Listed records —

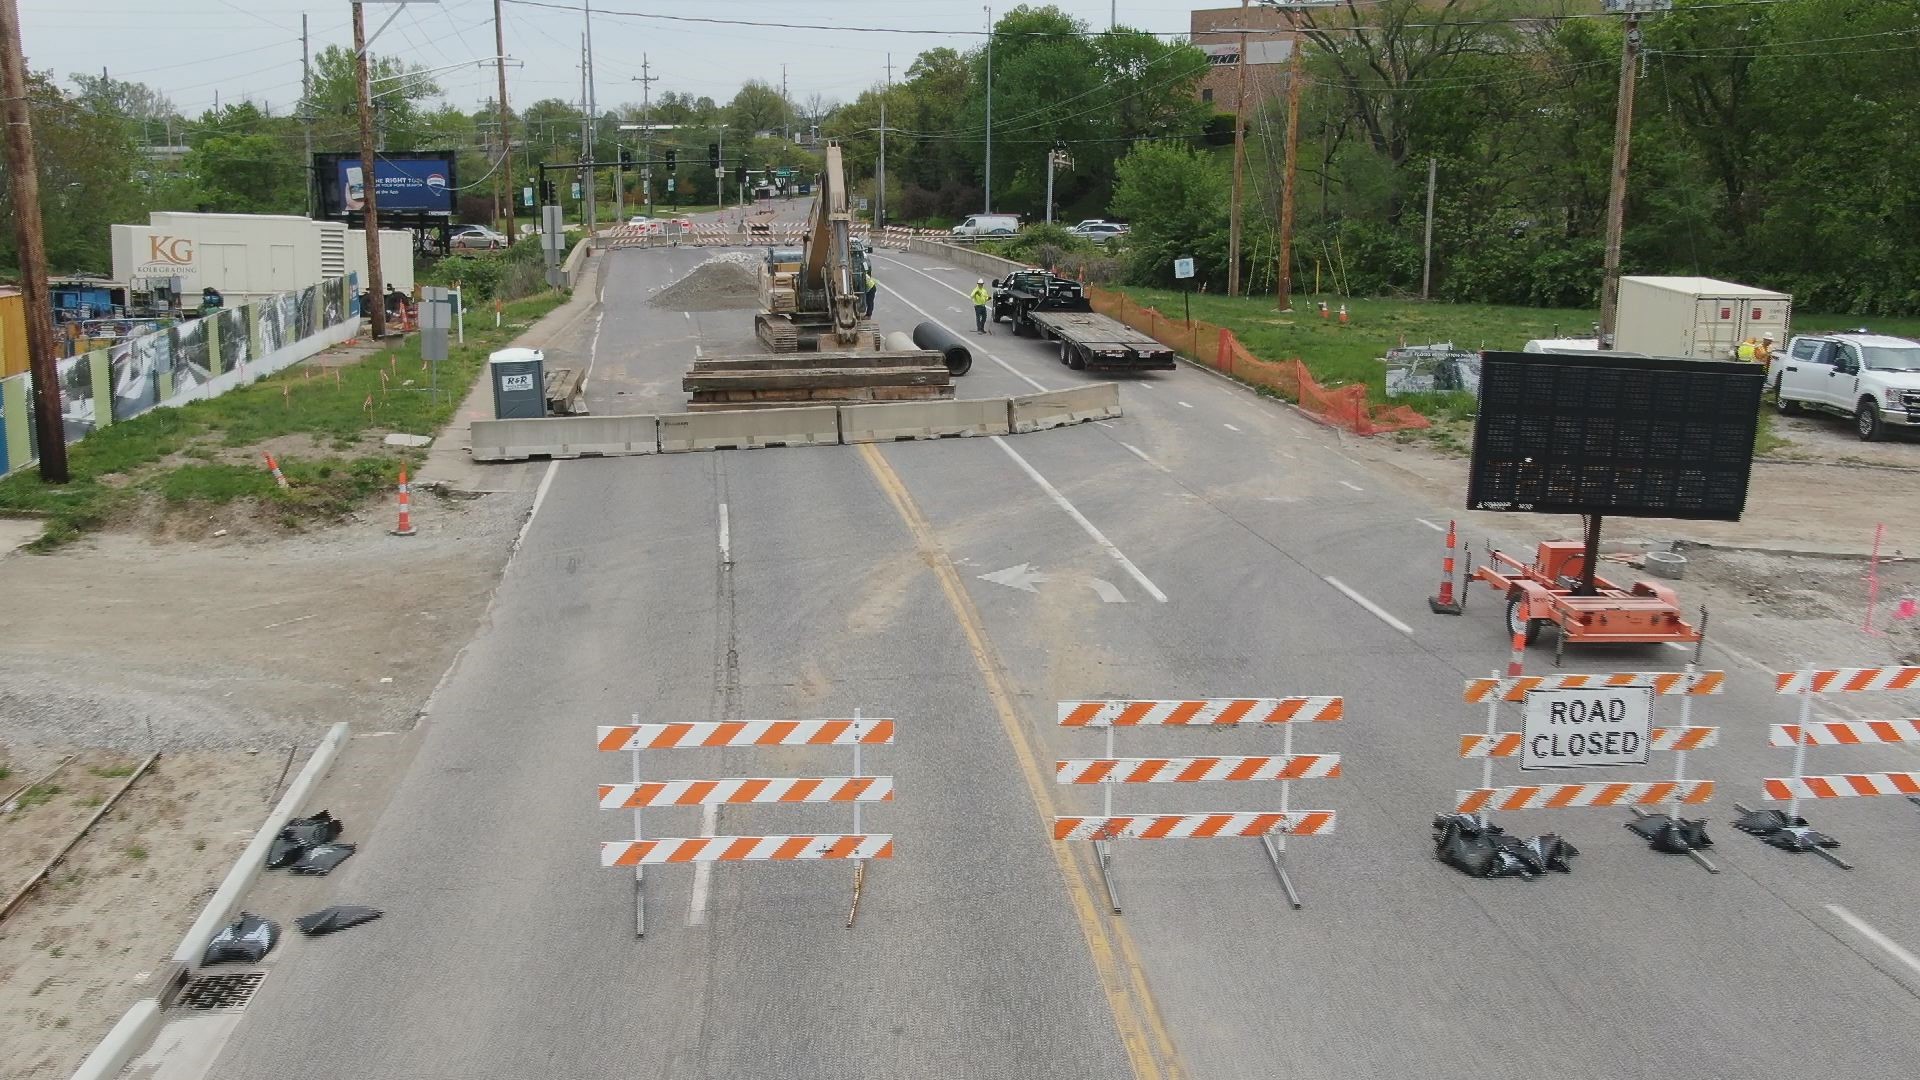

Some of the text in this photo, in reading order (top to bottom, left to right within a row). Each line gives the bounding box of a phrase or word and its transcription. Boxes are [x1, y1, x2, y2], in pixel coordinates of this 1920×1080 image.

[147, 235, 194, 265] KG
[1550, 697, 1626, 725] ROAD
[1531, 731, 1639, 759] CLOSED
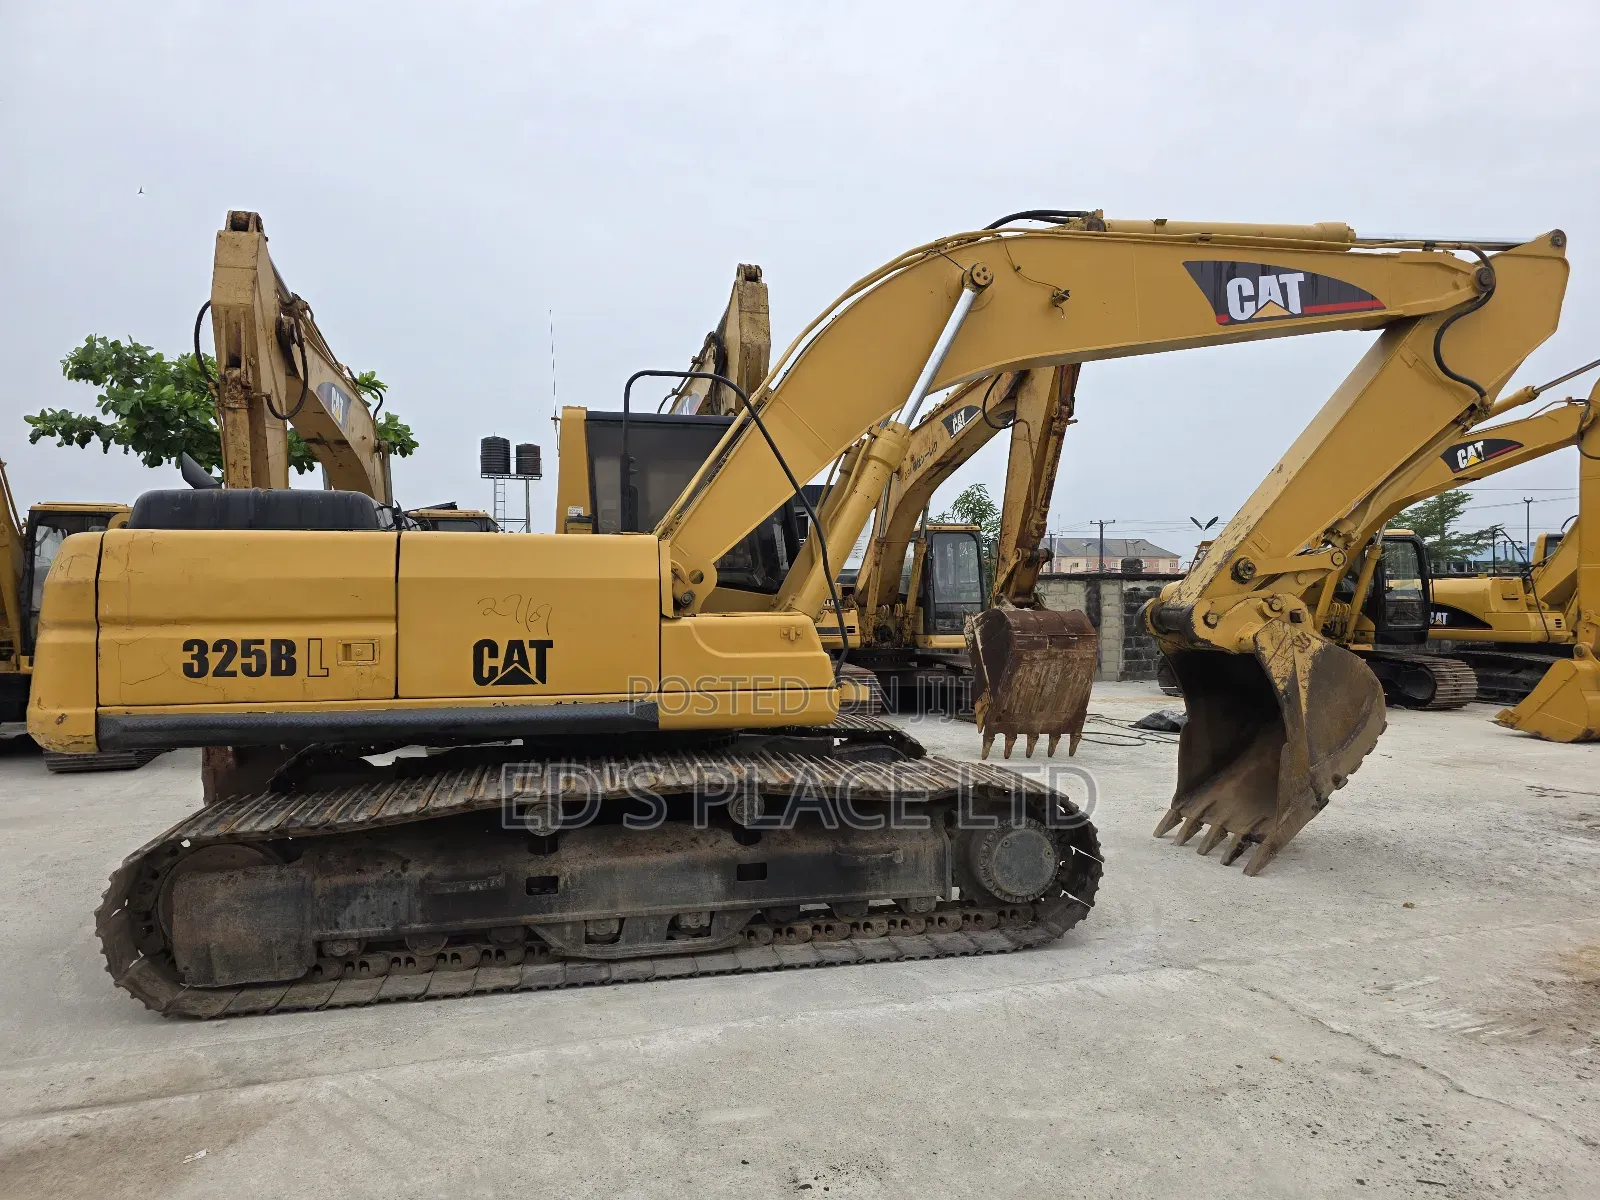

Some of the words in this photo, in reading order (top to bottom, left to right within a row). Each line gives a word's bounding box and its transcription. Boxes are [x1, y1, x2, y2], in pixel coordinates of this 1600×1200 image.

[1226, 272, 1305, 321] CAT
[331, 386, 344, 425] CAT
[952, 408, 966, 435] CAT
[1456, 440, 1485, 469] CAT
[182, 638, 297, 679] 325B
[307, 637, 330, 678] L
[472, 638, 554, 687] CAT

Work order —
Transcribe the records word for word and include no pictures.

Output below —
Some of the text in this photo, in reading order (top to bottom, left to right within a row). Each line gives the bounding box of a phrase or word and its transcription. Boxes are [x1, y1, x2, y2], in pixel coordinates of this 1920×1080 image.

[147, 235, 194, 265] KG
[1550, 697, 1626, 725] ROAD
[1531, 731, 1639, 759] CLOSED

Some of the words in this photo, in reading order (top to bottom, left to right within a row). Each line gives a word's bounding box and its transcription. Boxes are [x1, y1, x2, y2], in pixel coordinates of this 1600×1200 image.

[1226, 272, 1305, 321] CAT
[331, 386, 344, 425] CAT
[952, 408, 966, 435] CAT
[1456, 440, 1485, 469] CAT
[182, 638, 297, 679] 325B
[307, 637, 330, 678] L
[472, 638, 554, 687] CAT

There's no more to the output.